Each record, in full, must be restated word for word.

Source data
- - -
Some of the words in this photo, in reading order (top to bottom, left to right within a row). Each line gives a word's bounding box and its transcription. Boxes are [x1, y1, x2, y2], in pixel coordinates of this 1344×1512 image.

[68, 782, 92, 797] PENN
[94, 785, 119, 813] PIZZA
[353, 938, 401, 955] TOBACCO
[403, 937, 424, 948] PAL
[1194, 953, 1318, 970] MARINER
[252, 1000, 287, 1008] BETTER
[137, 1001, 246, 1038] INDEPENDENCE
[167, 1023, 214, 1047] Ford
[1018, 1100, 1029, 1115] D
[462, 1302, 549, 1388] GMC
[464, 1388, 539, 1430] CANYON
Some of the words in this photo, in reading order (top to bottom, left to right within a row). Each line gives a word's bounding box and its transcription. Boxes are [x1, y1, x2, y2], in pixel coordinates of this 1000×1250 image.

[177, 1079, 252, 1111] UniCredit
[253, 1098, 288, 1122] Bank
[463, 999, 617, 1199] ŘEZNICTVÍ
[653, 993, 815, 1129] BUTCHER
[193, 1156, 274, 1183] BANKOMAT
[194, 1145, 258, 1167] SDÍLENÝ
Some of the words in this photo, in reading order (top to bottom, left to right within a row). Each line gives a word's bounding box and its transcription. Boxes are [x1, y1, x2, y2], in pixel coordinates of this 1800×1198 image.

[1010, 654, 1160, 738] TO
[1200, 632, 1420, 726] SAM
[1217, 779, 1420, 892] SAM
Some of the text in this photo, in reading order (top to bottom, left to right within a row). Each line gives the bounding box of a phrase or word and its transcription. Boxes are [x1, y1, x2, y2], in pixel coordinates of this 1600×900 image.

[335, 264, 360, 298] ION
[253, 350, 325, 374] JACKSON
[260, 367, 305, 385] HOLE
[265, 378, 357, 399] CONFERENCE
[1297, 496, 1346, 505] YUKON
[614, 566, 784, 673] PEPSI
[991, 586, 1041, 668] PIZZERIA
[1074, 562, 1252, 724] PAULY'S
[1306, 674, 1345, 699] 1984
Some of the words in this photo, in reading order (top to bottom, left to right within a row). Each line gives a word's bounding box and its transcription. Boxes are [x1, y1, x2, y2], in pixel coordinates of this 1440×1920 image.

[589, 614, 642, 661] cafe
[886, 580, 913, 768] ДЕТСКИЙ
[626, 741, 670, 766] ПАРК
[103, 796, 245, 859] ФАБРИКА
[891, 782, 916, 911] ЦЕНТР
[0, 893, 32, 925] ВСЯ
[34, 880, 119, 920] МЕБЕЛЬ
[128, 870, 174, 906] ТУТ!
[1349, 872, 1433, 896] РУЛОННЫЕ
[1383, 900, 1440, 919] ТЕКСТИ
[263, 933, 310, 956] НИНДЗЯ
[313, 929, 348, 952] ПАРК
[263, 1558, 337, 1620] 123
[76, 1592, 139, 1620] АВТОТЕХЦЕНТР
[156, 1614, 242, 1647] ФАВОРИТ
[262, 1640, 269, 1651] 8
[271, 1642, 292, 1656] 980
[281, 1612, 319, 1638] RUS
- - -
__Problem solution__
Some of the words in this photo, in reading order (top to bottom, left to right within a row). Each line gives a word's bounding box and its transcription. Boxes are [x1, y1, x2, y2], in pixel coordinates of this 1344×1512 image.

[68, 782, 92, 797] PENN
[94, 785, 119, 813] PIZZA
[353, 938, 401, 955] TOBACCO
[403, 937, 424, 948] PAL
[1194, 953, 1318, 970] MARINER
[252, 1000, 287, 1008] BETTER
[137, 1001, 246, 1038] INDEPENDENCE
[167, 1023, 214, 1047] Ford
[1018, 1100, 1029, 1115] D
[462, 1302, 549, 1388] GMC
[464, 1388, 539, 1430] CANYON
Some of the words in this photo, in reading order (top to bottom, left to right within a row). Each line gives a word's bounding box and its transcription. Boxes are [x1, y1, x2, y2], in pixel coordinates of this 1000×1250 image.

[177, 1079, 252, 1111] UniCredit
[253, 1098, 288, 1122] Bank
[463, 999, 617, 1199] ŘEZNICTVÍ
[653, 993, 815, 1129] BUTCHER
[193, 1156, 274, 1183] BANKOMAT
[194, 1145, 258, 1167] SDÍLENÝ
Some of the words in this photo, in reading order (top to bottom, left to right within a row). Each line gives a word's bounding box and its transcription. Boxes are [x1, y1, x2, y2], in pixel coordinates of this 1800×1198 image.

[1010, 654, 1160, 738] TO
[1200, 632, 1420, 726] SAM
[1217, 779, 1420, 892] SAM
Some of the text in this photo, in reading order (top to bottom, left to right within a row). Each line gives the bounding box of a phrase or word and its transcription. Boxes are [x1, y1, x2, y2], in pixel coordinates of this 1600×900 image.

[335, 264, 360, 298] ION
[253, 350, 325, 374] JACKSON
[260, 367, 305, 385] HOLE
[265, 378, 357, 399] CONFERENCE
[1297, 496, 1346, 505] YUKON
[614, 566, 784, 673] PEPSI
[991, 586, 1041, 668] PIZZERIA
[1074, 562, 1252, 724] PAULY'S
[1306, 674, 1345, 699] 1984
Some of the words in this photo, in reading order (top to bottom, left to right within a row). Each line gives a word's bounding box and its transcription. Boxes are [x1, y1, x2, y2], in pixel coordinates of this 1440×1920 image.

[589, 614, 642, 661] cafe
[886, 580, 913, 768] ДЕТСКИЙ
[626, 741, 670, 766] ПАРК
[103, 796, 245, 859] ФАБРИКА
[891, 782, 916, 911] ЦЕНТР
[0, 893, 32, 925] ВСЯ
[34, 880, 119, 920] МЕБЕЛЬ
[128, 870, 174, 906] ТУТ!
[1349, 872, 1433, 896] РУЛОННЫЕ
[1383, 900, 1440, 919] ТЕКСТИ
[263, 933, 310, 956] НИНДЗЯ
[313, 929, 348, 952] ПАРК
[263, 1558, 337, 1620] 123
[76, 1592, 139, 1620] АВТОТЕХЦЕНТР
[156, 1614, 242, 1647] ФАВОРИТ
[262, 1640, 269, 1651] 8
[271, 1642, 292, 1656] 980
[281, 1612, 319, 1638] RUS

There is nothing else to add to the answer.